[[ Supplied material, beginning ]]

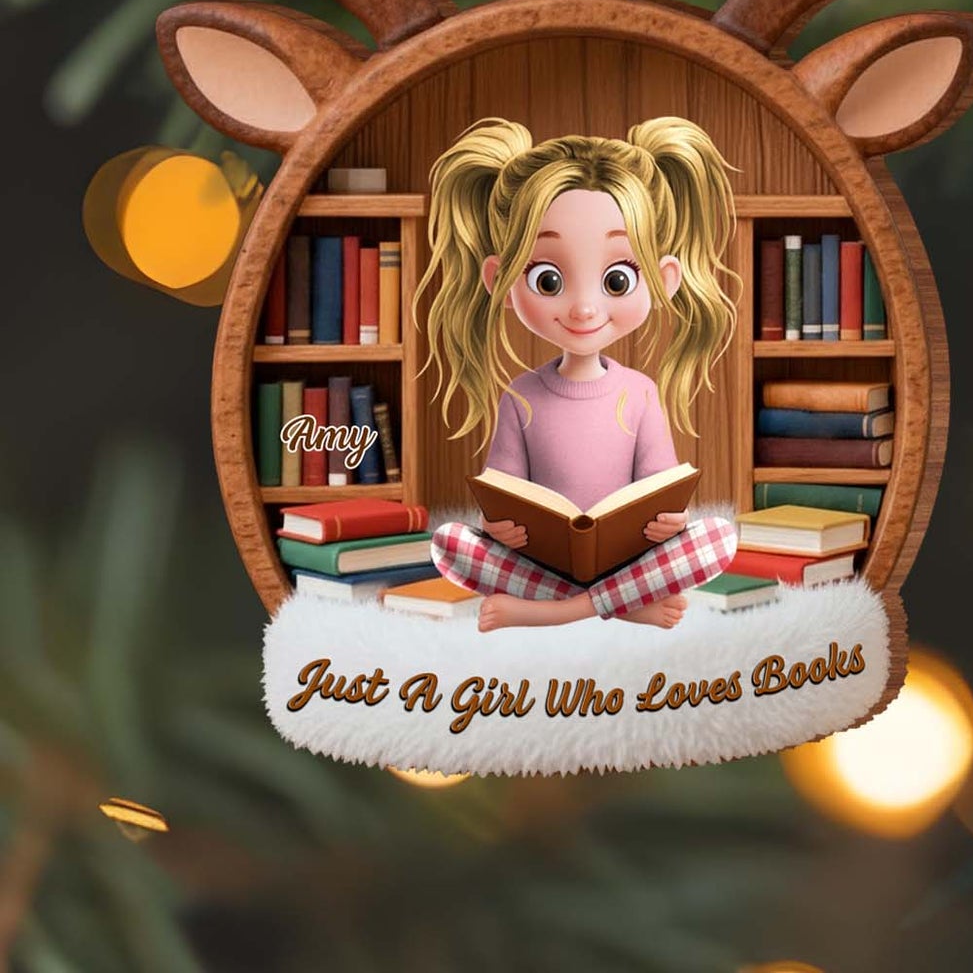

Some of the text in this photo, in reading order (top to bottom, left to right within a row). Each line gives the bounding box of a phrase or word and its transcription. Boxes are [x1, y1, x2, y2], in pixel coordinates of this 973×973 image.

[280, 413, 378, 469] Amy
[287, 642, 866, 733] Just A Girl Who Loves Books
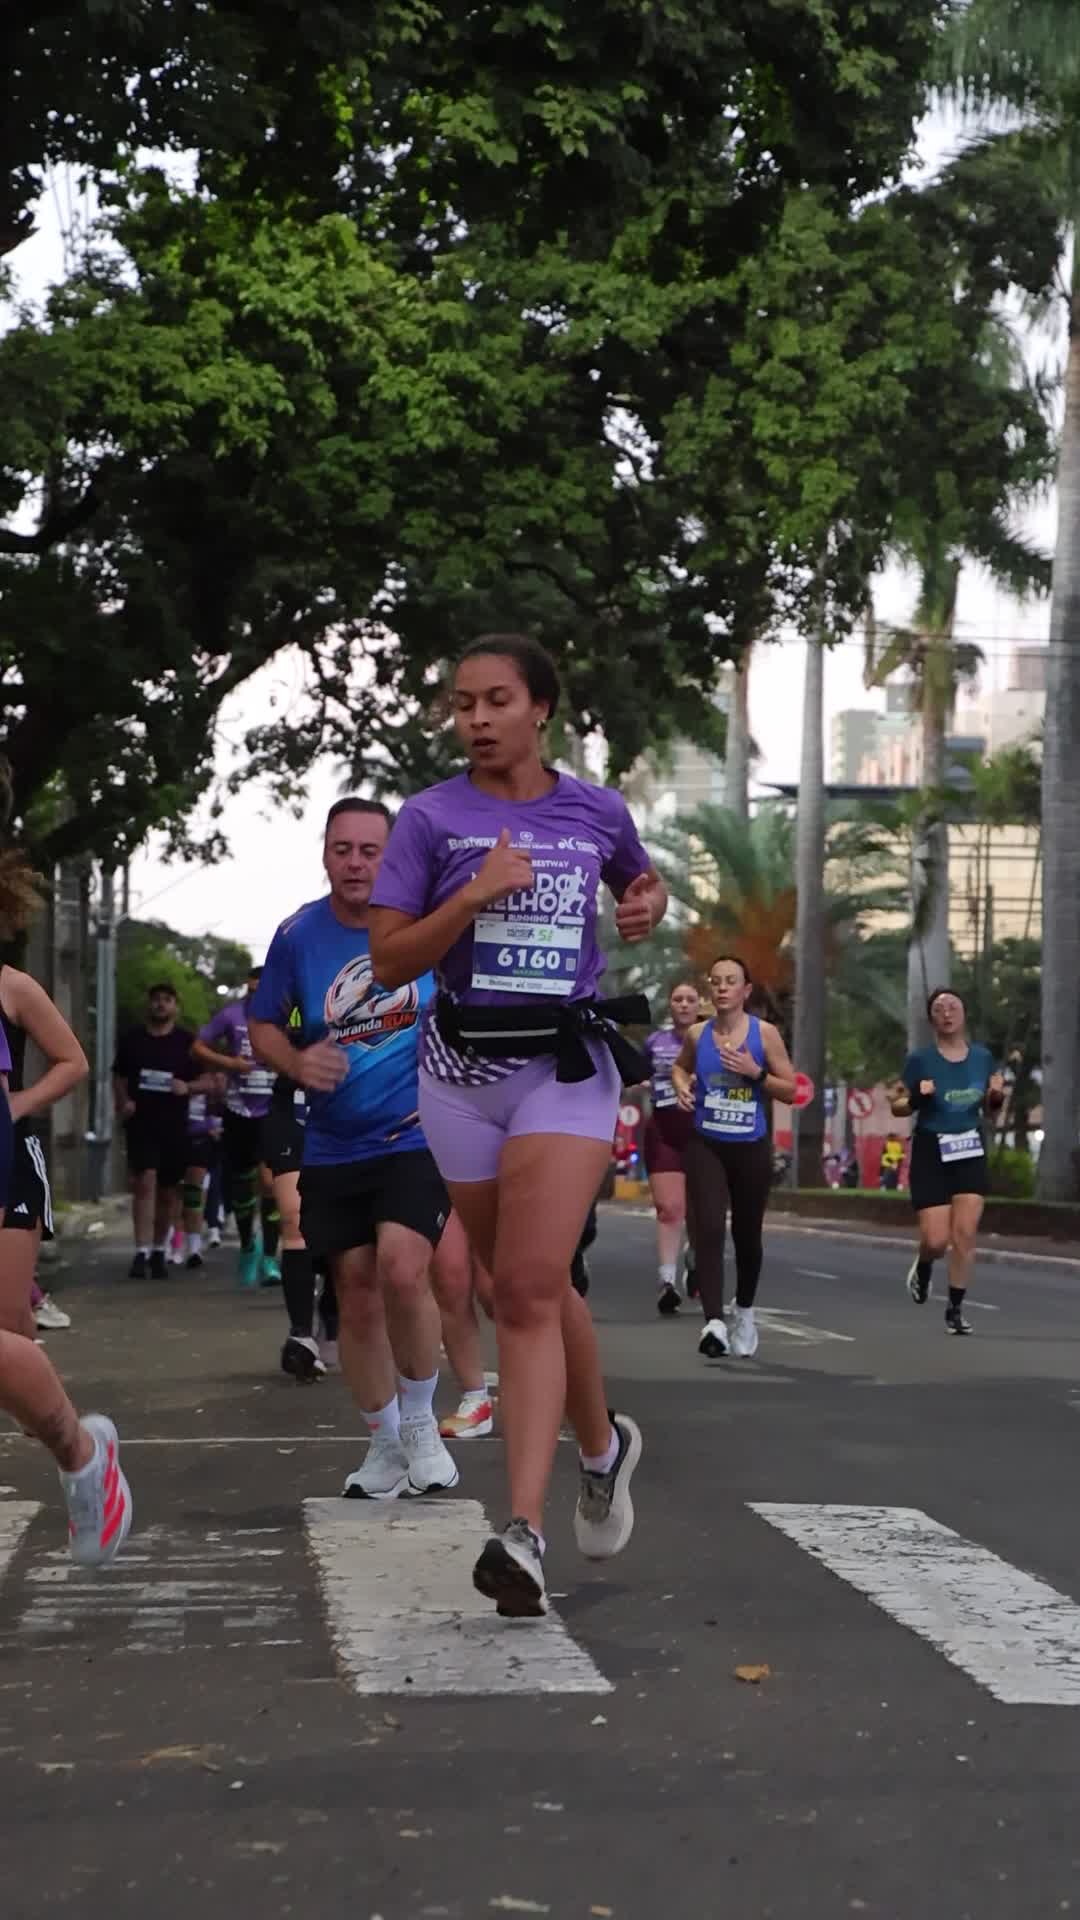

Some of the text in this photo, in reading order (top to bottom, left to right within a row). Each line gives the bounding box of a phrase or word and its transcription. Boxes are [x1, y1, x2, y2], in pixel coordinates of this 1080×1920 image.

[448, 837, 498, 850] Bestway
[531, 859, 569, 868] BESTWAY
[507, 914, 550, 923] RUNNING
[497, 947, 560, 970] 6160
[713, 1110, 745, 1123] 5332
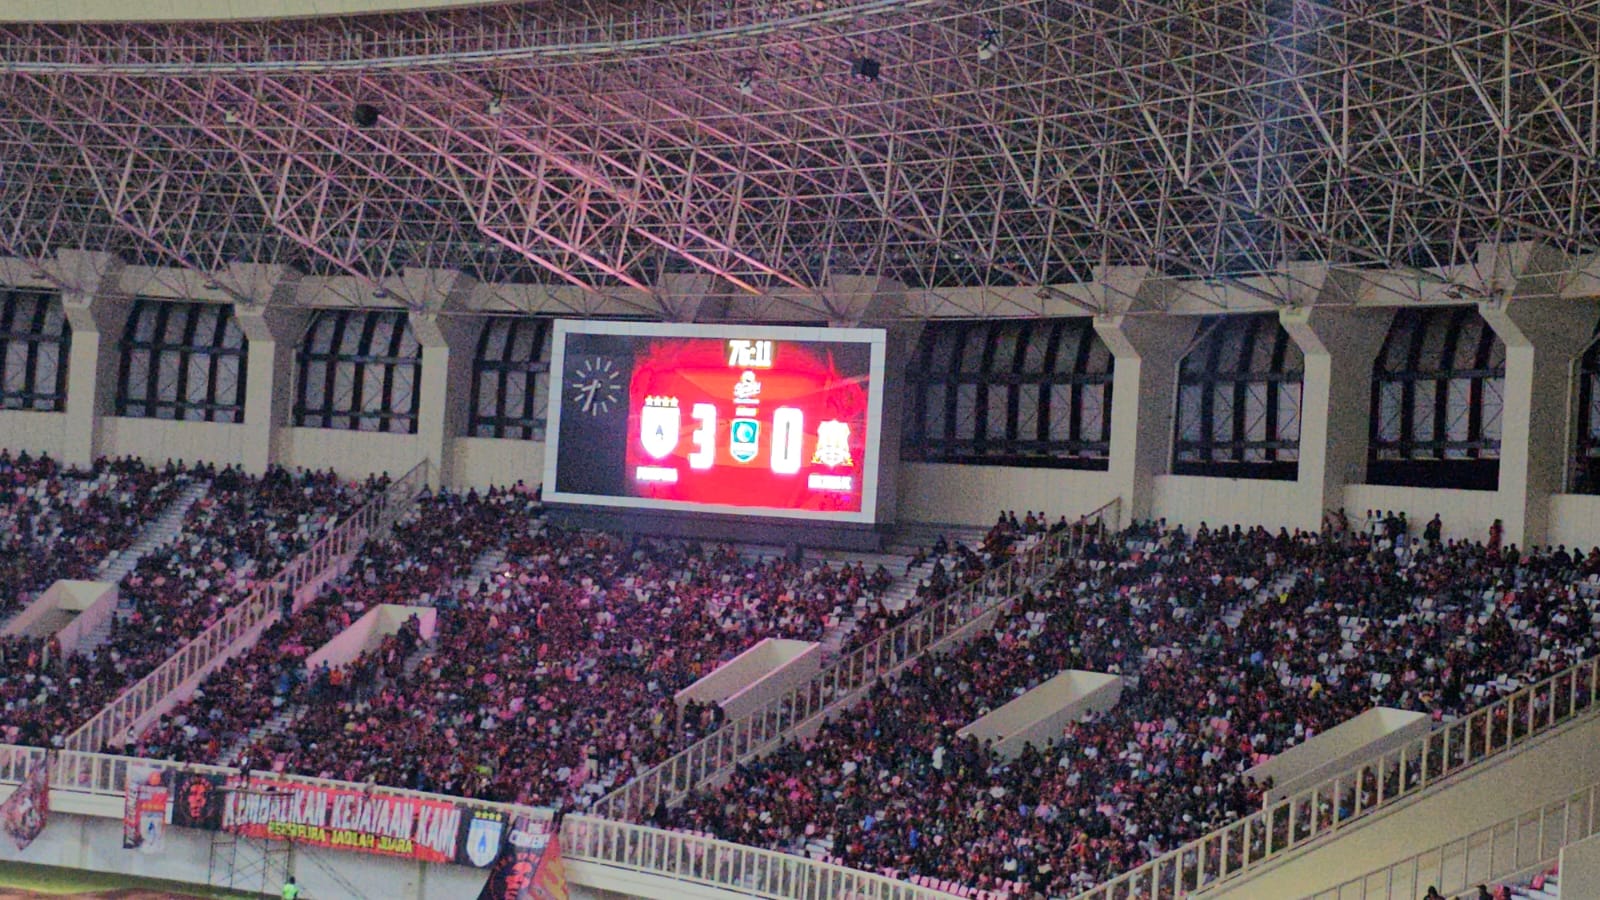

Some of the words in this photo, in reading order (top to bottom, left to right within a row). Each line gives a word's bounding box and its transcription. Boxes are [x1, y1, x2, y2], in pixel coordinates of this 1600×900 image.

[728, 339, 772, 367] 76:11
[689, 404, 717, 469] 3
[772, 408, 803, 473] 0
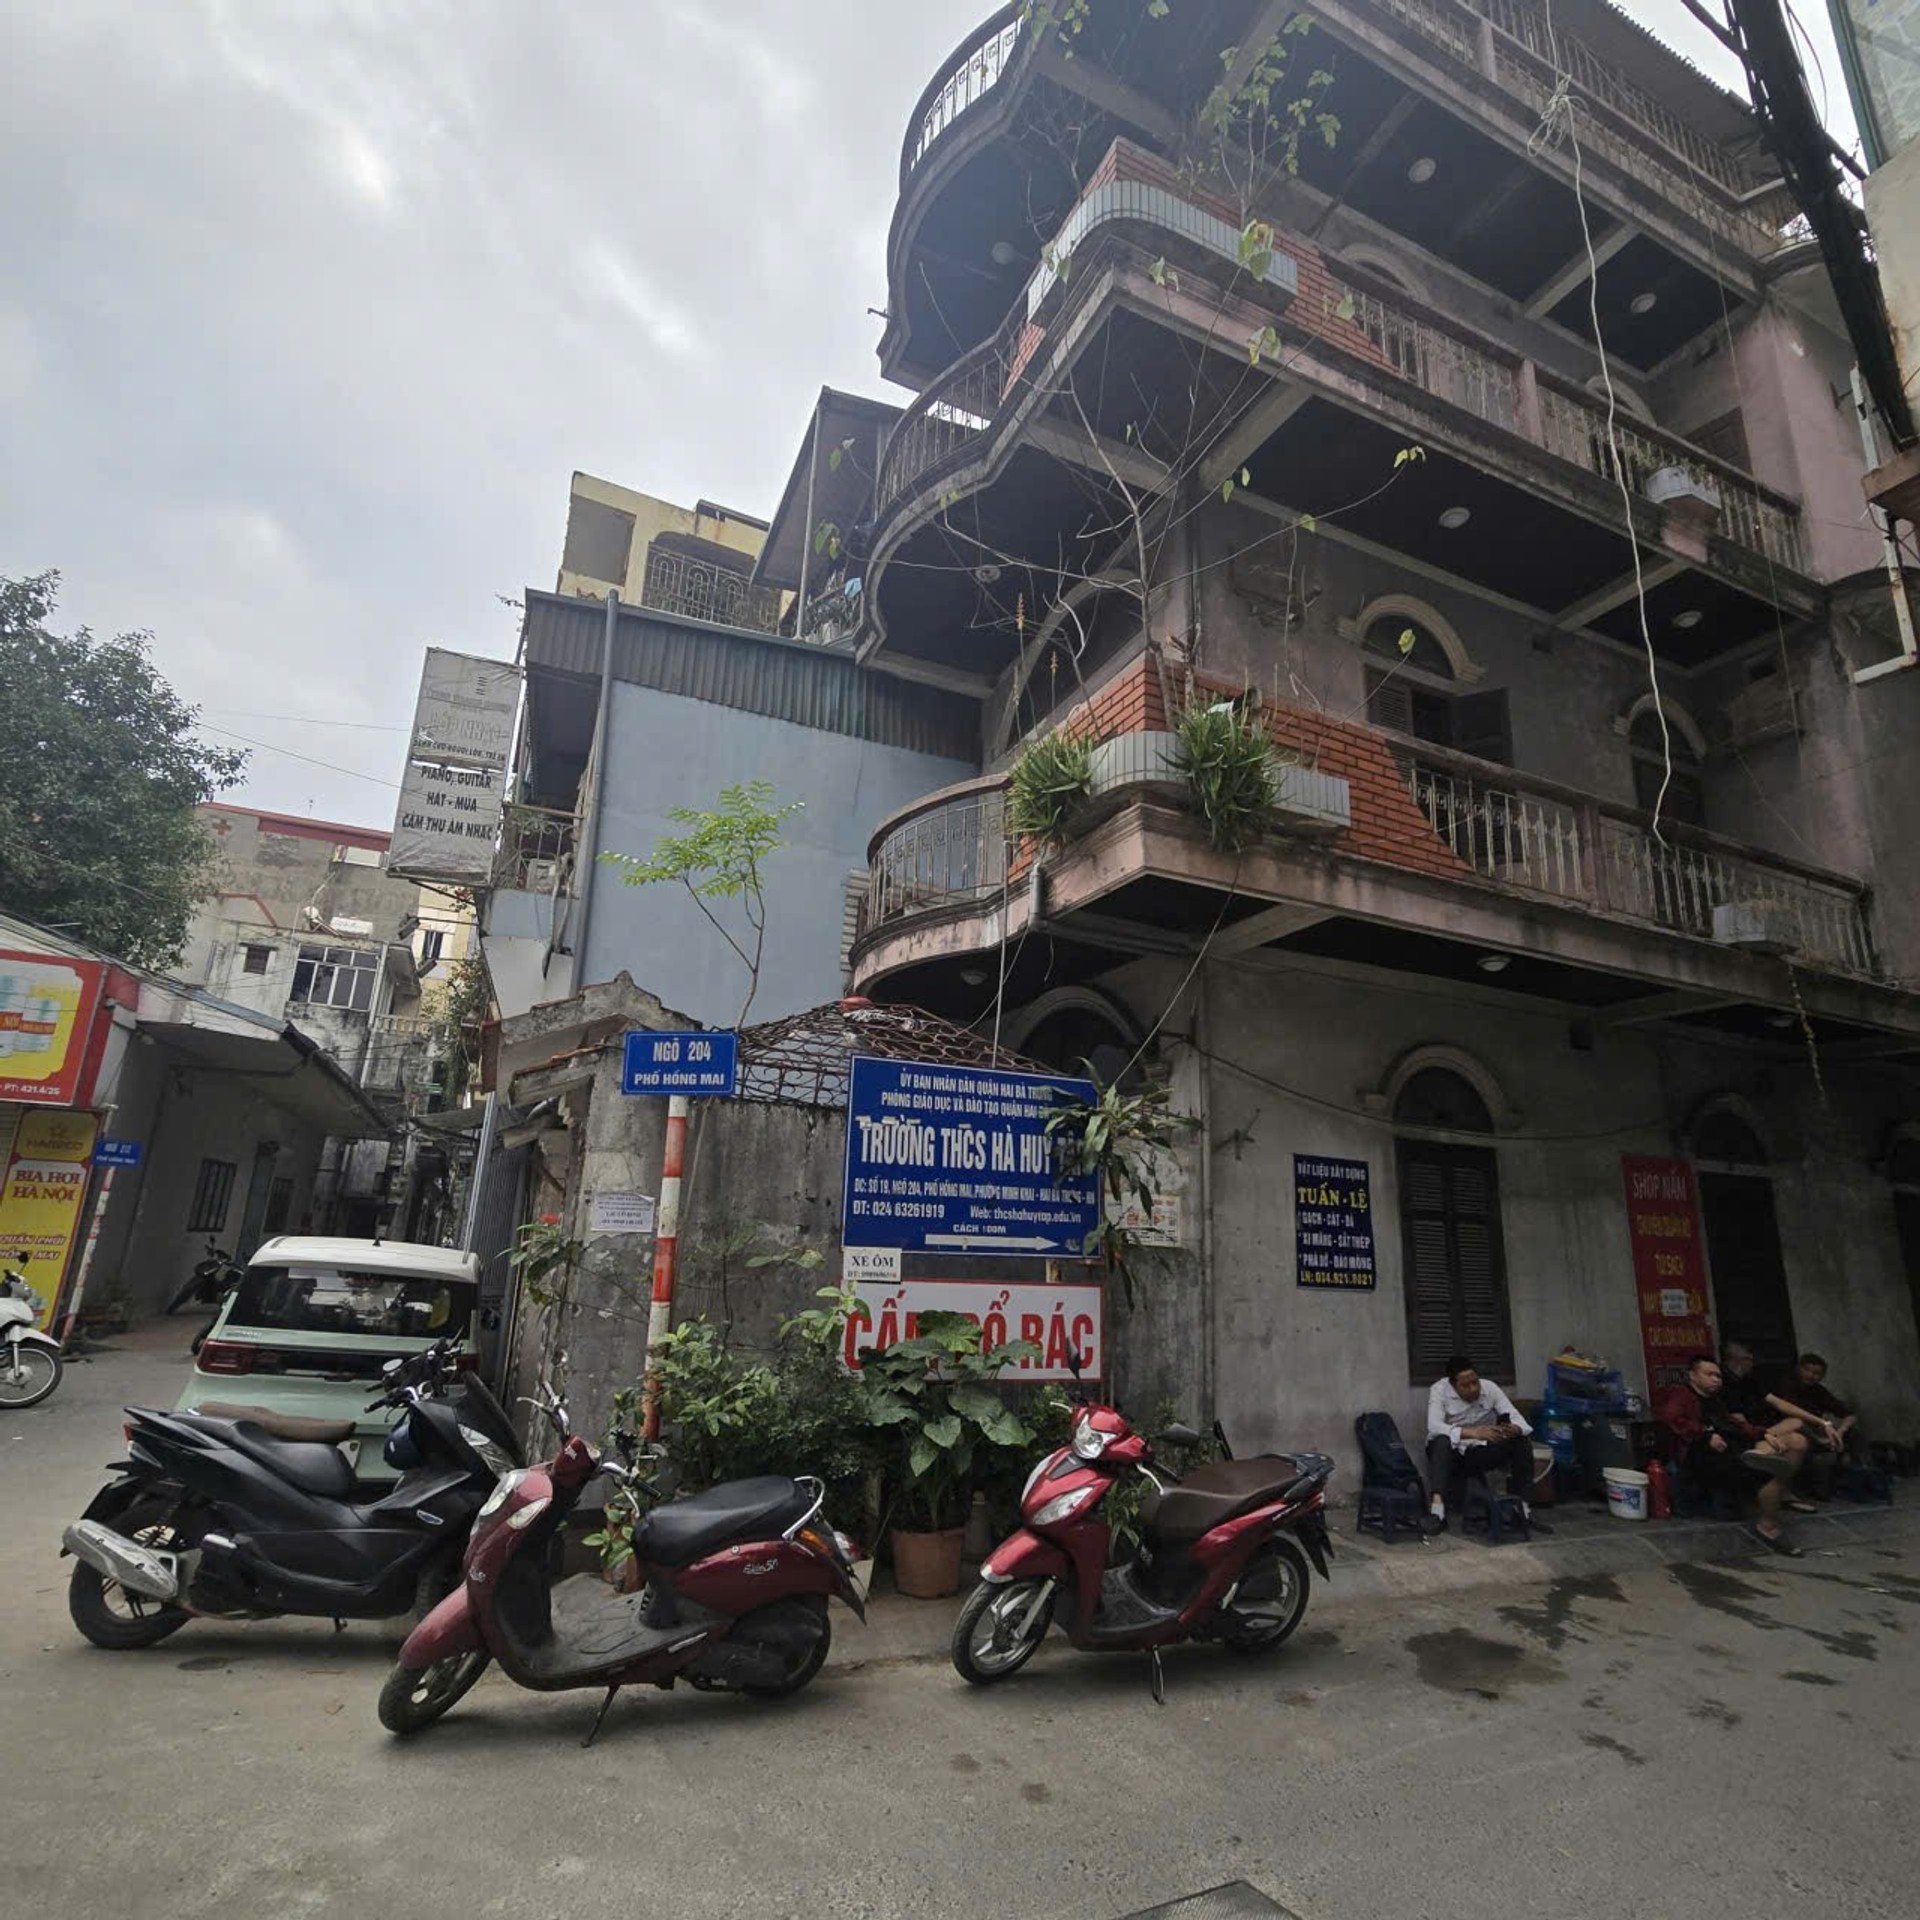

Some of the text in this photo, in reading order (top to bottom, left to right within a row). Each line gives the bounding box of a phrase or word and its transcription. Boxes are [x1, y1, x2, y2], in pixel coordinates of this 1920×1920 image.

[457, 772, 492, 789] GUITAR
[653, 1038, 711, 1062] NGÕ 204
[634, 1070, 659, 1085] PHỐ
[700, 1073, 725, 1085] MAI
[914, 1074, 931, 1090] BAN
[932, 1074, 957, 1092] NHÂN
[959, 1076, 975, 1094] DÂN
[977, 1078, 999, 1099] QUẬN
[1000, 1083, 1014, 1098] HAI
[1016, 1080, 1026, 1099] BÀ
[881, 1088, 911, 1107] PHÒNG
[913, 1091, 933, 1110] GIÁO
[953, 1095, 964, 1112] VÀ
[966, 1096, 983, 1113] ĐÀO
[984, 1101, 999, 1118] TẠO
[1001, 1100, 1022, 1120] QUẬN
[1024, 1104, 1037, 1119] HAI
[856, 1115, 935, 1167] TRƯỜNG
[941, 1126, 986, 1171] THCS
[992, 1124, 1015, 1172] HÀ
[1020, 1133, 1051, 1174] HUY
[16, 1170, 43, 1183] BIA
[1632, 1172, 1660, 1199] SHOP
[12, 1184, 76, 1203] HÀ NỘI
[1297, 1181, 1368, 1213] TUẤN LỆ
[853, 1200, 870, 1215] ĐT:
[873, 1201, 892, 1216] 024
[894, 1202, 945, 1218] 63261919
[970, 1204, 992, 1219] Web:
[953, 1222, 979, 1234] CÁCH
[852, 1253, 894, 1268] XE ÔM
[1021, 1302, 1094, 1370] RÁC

[[ Supplied material, end ]]

**What the task requires**
Please retype, exactly as they appear, the lines from the one with "Some of the words" through the final line of the material, both included, and drop any pictures.

**Response to this exercise**
Some of the words in this photo, in reading order (top to bottom, left to right within a row). Each line gives a word's bounding box and its transcription. Boxes are [x1, y1, x2, y2], in pixel coordinates of this 1600×900 image.

[728, 339, 772, 367] 76:11
[689, 404, 717, 469] 3
[772, 408, 803, 473] 0

Some of the text in this photo, in reading order (top to bottom, left to right within a row). Each line gives the bounding box of a phrase or word and its transcription. Boxes are [x1, y1, x2, y2], in pixel coordinates of this 1920×1920 image.

[457, 772, 492, 789] GUITAR
[653, 1038, 711, 1062] NGÕ 204
[634, 1070, 659, 1085] PHỐ
[700, 1073, 725, 1085] MAI
[914, 1074, 931, 1090] BAN
[932, 1074, 957, 1092] NHÂN
[959, 1076, 975, 1094] DÂN
[977, 1078, 999, 1099] QUẬN
[1000, 1083, 1014, 1098] HAI
[1016, 1080, 1026, 1099] BÀ
[881, 1088, 911, 1107] PHÒNG
[913, 1091, 933, 1110] GIÁO
[953, 1095, 964, 1112] VÀ
[966, 1096, 983, 1113] ĐÀO
[984, 1101, 999, 1118] TẠO
[1001, 1100, 1022, 1120] QUẬN
[1024, 1104, 1037, 1119] HAI
[856, 1115, 935, 1167] TRƯỜNG
[941, 1126, 986, 1171] THCS
[992, 1124, 1015, 1172] HÀ
[1020, 1133, 1051, 1174] HUY
[16, 1170, 43, 1183] BIA
[1632, 1172, 1660, 1199] SHOP
[12, 1184, 76, 1203] HÀ NỘI
[1297, 1181, 1368, 1213] TUẤN LỆ
[853, 1200, 870, 1215] ĐT:
[873, 1201, 892, 1216] 024
[894, 1202, 945, 1218] 63261919
[970, 1204, 992, 1219] Web:
[953, 1222, 979, 1234] CÁCH
[852, 1253, 894, 1268] XE ÔM
[1021, 1302, 1094, 1370] RÁC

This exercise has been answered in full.